[Phrase grounding data]
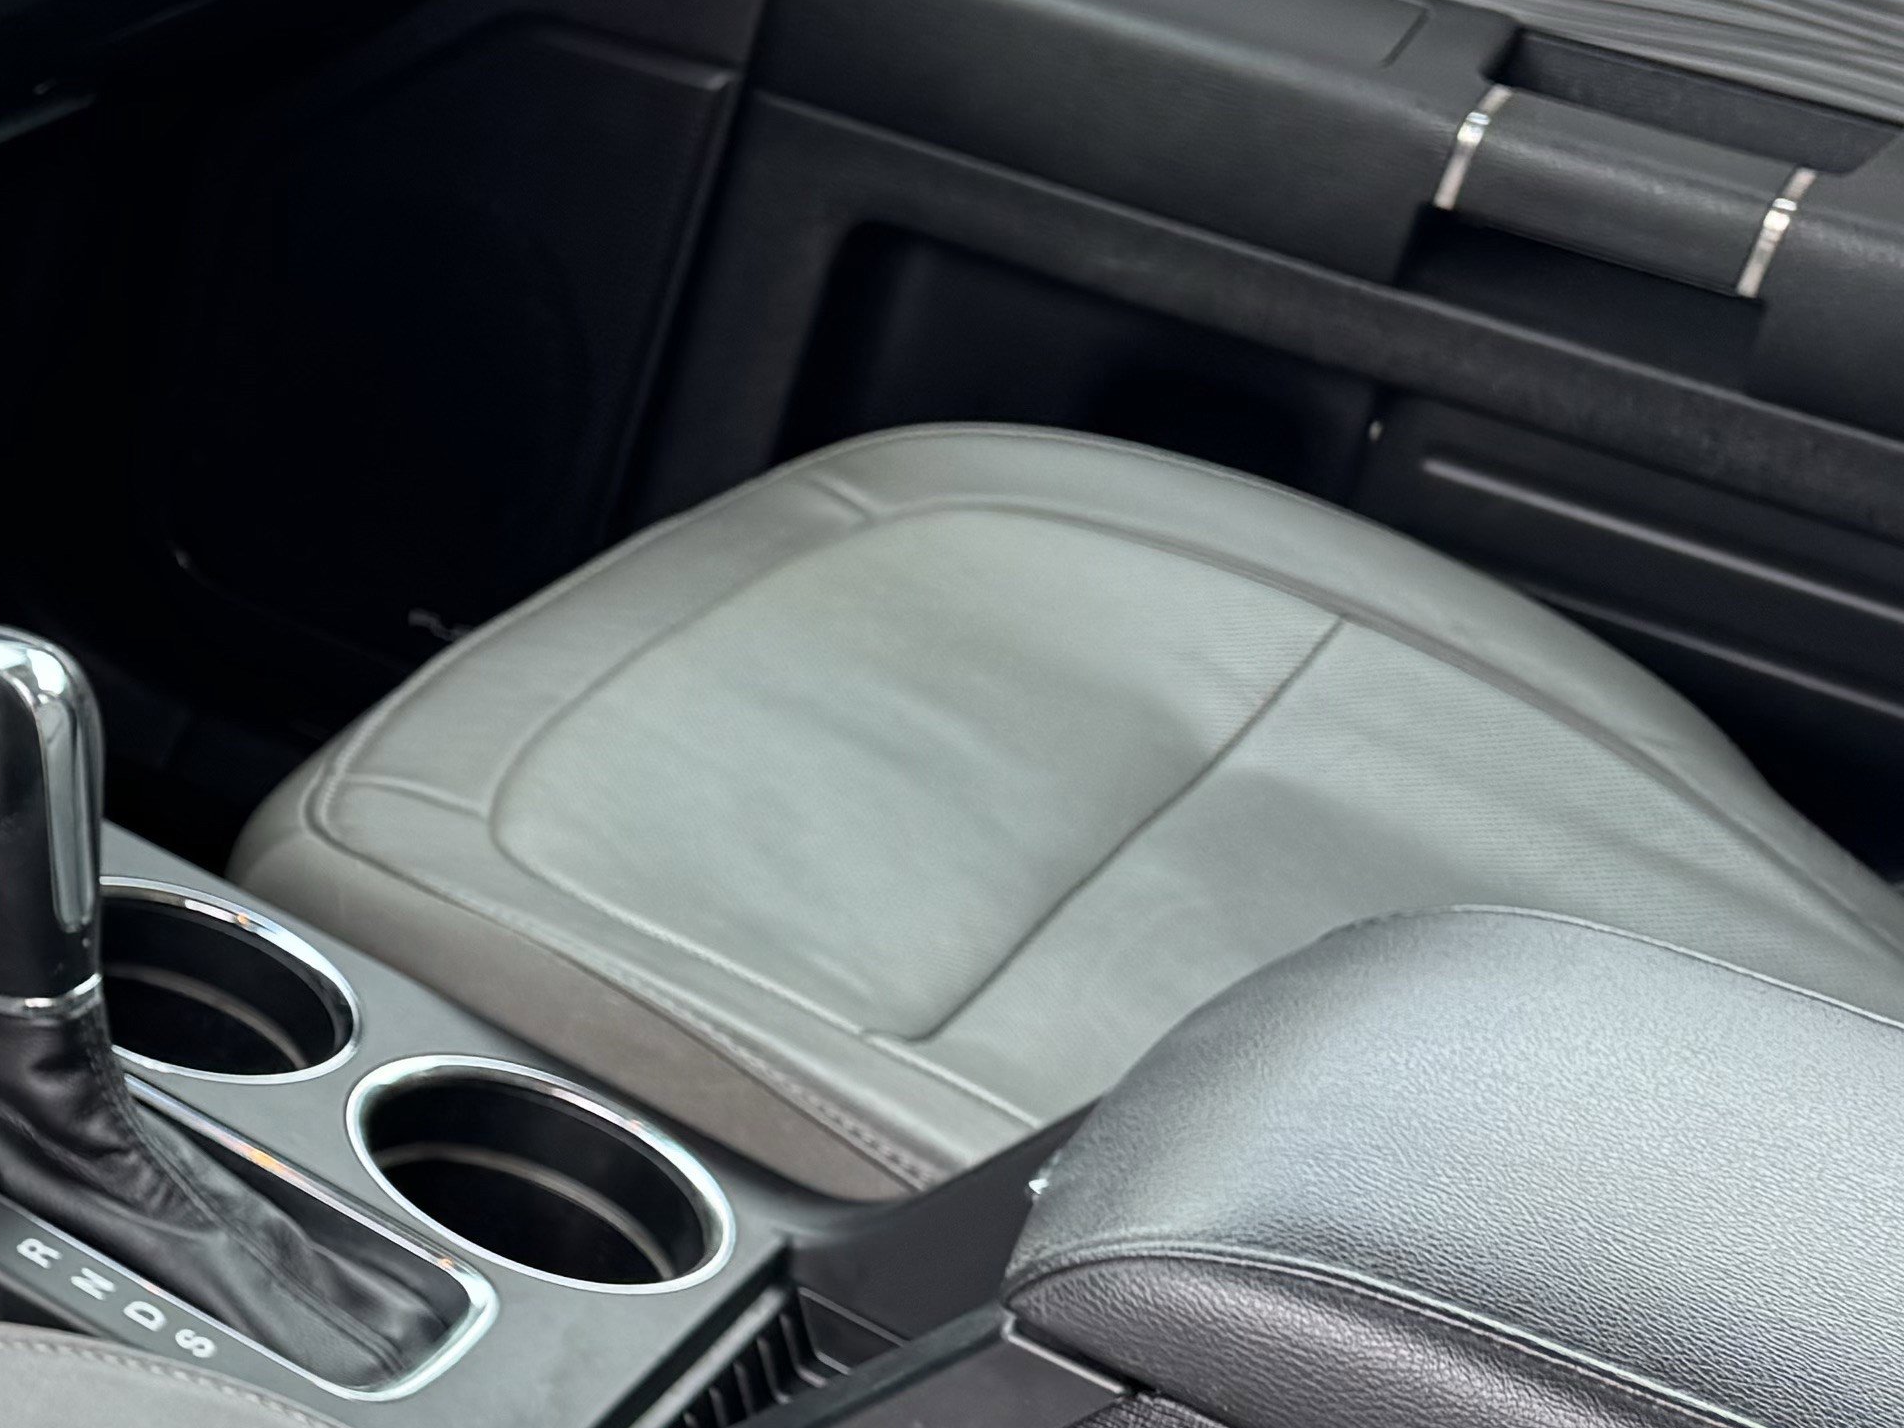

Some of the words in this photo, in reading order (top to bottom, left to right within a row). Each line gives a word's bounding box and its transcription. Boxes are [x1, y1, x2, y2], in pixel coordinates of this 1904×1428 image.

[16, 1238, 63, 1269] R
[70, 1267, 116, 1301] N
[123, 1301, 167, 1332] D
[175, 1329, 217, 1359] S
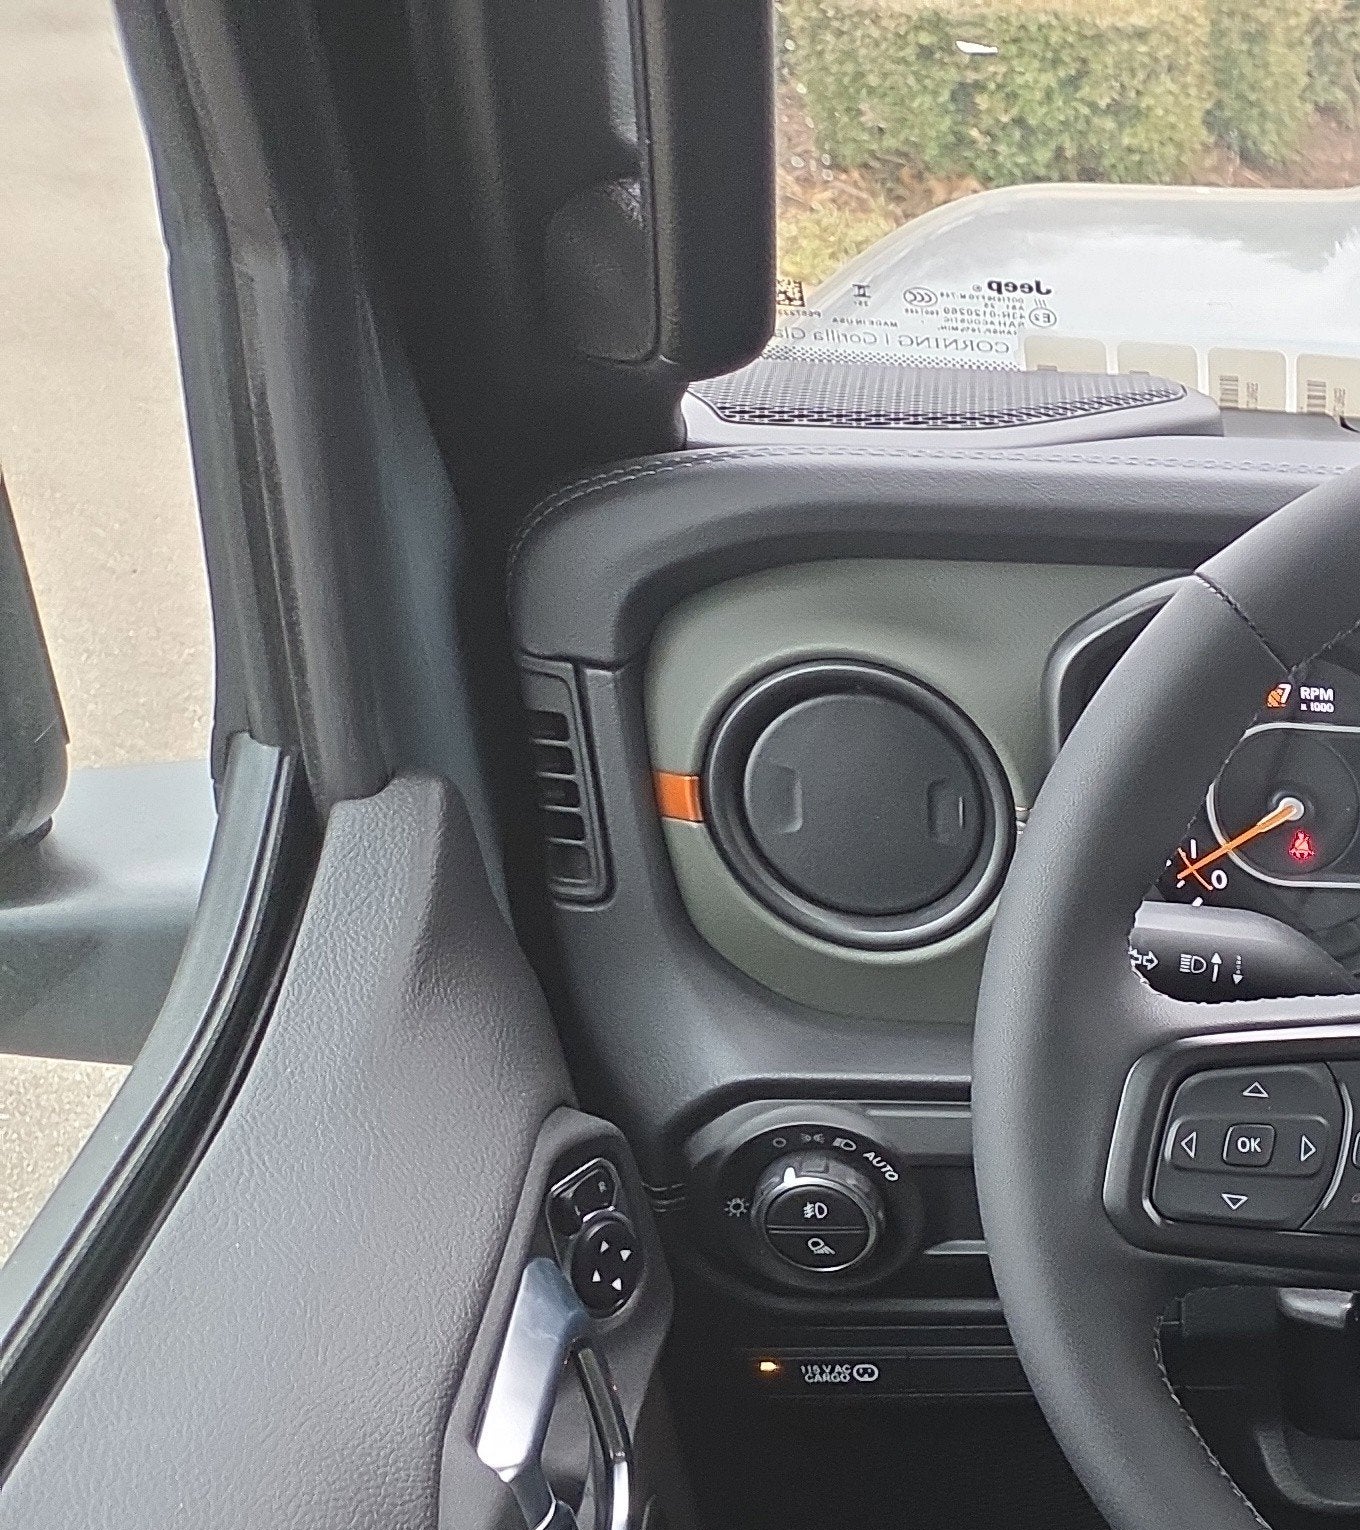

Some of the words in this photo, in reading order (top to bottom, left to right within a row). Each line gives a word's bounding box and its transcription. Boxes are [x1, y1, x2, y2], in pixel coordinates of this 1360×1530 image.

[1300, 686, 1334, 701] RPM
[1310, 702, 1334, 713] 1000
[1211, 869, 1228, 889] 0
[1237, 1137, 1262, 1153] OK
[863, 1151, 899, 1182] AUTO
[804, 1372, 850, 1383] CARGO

• [Work item]
Return every line above word for word, minus images.

• [Your response]
Some of the words in this photo, in reading order (top to bottom, left to right within a row). Each line gives a word's bounding box and its transcription. Boxes are [x1, y1, x2, y2], in pixel coordinates of this 1904×1428 image.

[16, 1238, 63, 1269] R
[70, 1267, 116, 1301] N
[123, 1301, 167, 1332] D
[175, 1329, 217, 1359] S

Some of the words in this photo, in reading order (top to bottom, left to right within a row). Each line gives a word's bounding box and its transcription. Boxes are [x1, y1, x2, y2], in pixel coordinates of this 1360×1530 image.

[1300, 686, 1334, 701] RPM
[1310, 702, 1334, 713] 1000
[1211, 869, 1228, 889] 0
[1237, 1137, 1262, 1153] OK
[863, 1151, 899, 1182] AUTO
[804, 1372, 850, 1383] CARGO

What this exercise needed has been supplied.